>>>

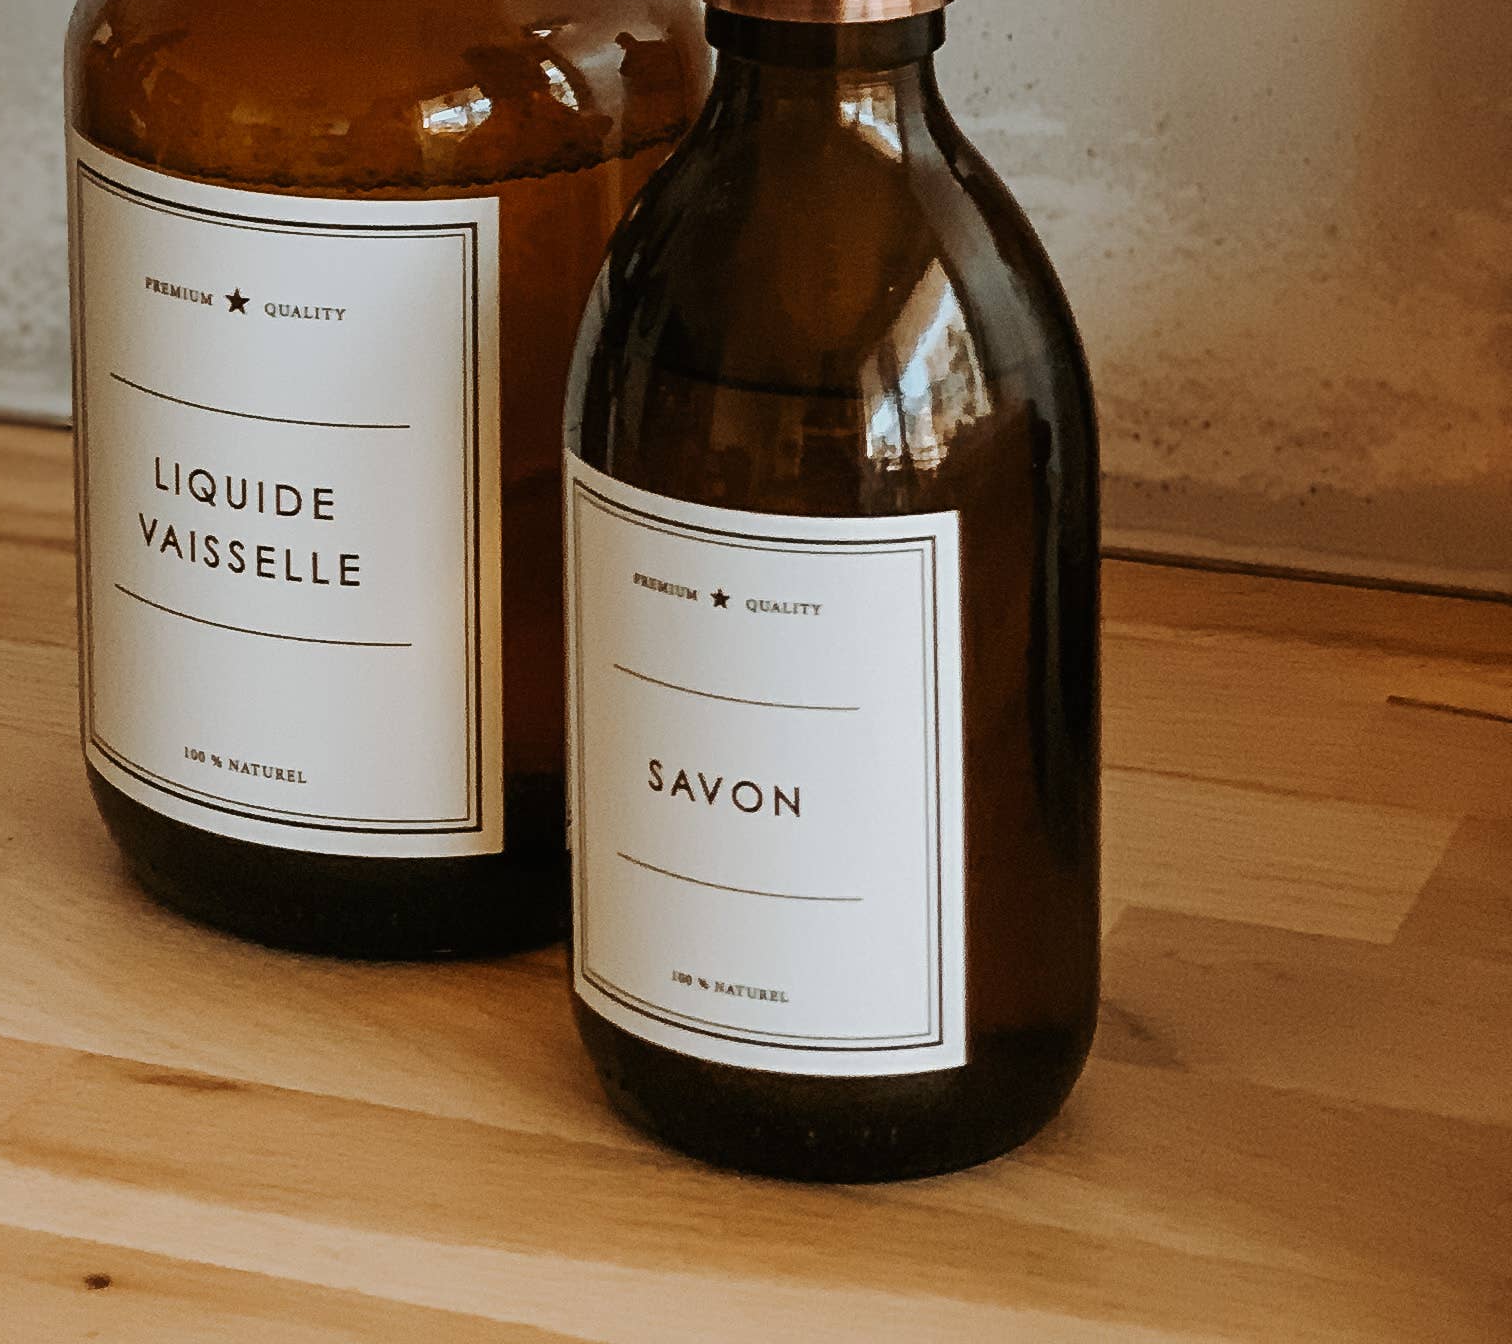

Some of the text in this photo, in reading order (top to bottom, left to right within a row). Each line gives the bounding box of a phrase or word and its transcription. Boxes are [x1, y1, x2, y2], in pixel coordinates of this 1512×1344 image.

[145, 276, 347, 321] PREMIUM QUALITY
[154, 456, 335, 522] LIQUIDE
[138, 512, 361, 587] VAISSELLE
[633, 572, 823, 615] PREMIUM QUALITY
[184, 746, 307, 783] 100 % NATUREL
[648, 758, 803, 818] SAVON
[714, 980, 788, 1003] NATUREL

<<<

### HOW TO COMPLETE THIS TASK
Pictures are not part of the copy. Please reproduce the material word for word.

### EXERCISE RESULT
Some of the text in this photo, in reading order (top to bottom, left to right within a row). Each line gives the bounding box of a phrase or word and its transcription. Boxes are [x1, y1, x2, y2], in pixel coordinates of this 1512×1344 image.

[145, 276, 347, 321] PREMIUM QUALITY
[154, 456, 335, 522] LIQUIDE
[138, 512, 361, 587] VAISSELLE
[633, 572, 823, 615] PREMIUM QUALITY
[184, 746, 307, 783] 100 % NATUREL
[648, 758, 803, 818] SAVON
[714, 980, 788, 1003] NATUREL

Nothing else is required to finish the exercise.